PROVIDED RECORDS:
-- -- --
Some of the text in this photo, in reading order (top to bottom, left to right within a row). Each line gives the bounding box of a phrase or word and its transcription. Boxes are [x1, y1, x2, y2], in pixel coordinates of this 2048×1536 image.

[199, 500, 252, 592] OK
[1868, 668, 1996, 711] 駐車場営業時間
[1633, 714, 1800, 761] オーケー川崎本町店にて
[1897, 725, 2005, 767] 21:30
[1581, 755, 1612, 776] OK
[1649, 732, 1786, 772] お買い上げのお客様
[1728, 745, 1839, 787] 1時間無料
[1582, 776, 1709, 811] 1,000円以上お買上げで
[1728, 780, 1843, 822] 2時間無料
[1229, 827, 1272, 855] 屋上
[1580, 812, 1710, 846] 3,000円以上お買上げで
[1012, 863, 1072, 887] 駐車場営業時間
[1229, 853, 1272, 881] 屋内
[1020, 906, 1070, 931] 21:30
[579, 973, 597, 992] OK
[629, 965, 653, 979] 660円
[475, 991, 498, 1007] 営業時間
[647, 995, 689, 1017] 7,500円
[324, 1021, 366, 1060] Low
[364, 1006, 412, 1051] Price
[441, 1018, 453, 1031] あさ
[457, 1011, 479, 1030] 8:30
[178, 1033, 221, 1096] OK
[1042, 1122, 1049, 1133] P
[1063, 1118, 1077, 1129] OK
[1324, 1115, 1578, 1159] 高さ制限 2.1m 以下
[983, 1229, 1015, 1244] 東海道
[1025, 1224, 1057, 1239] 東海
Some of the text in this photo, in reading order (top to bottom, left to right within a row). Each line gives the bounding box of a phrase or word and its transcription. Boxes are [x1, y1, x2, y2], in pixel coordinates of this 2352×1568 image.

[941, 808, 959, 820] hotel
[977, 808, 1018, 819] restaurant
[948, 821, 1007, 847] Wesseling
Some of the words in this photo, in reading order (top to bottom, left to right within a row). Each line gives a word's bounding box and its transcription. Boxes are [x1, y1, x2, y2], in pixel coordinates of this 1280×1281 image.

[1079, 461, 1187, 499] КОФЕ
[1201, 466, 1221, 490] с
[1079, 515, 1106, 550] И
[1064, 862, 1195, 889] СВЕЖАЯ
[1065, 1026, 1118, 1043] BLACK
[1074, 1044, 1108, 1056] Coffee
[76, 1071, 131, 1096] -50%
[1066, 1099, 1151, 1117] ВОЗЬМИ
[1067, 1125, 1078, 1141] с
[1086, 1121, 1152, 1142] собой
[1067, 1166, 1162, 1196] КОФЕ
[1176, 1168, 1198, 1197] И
-- -- --
WHAT YOU WILL DO: Once you reach the line that holds "Some of the words", print it and every line after it through the end of the records, word for word.

SOLVED EXERCISE:
Some of the words in this photo, in reading order (top to bottom, left to right within a row). Each line gives a word's bounding box and its transcription. Boxes are [x1, y1, x2, y2], in pixel coordinates of this 1280×1281 image.

[1079, 461, 1187, 499] КОФЕ
[1201, 466, 1221, 490] с
[1079, 515, 1106, 550] И
[1064, 862, 1195, 889] СВЕЖАЯ
[1065, 1026, 1118, 1043] BLACK
[1074, 1044, 1108, 1056] Coffee
[76, 1071, 131, 1096] -50%
[1066, 1099, 1151, 1117] ВОЗЬМИ
[1067, 1125, 1078, 1141] с
[1086, 1121, 1152, 1142] собой
[1067, 1166, 1162, 1196] КОФЕ
[1176, 1168, 1198, 1197] И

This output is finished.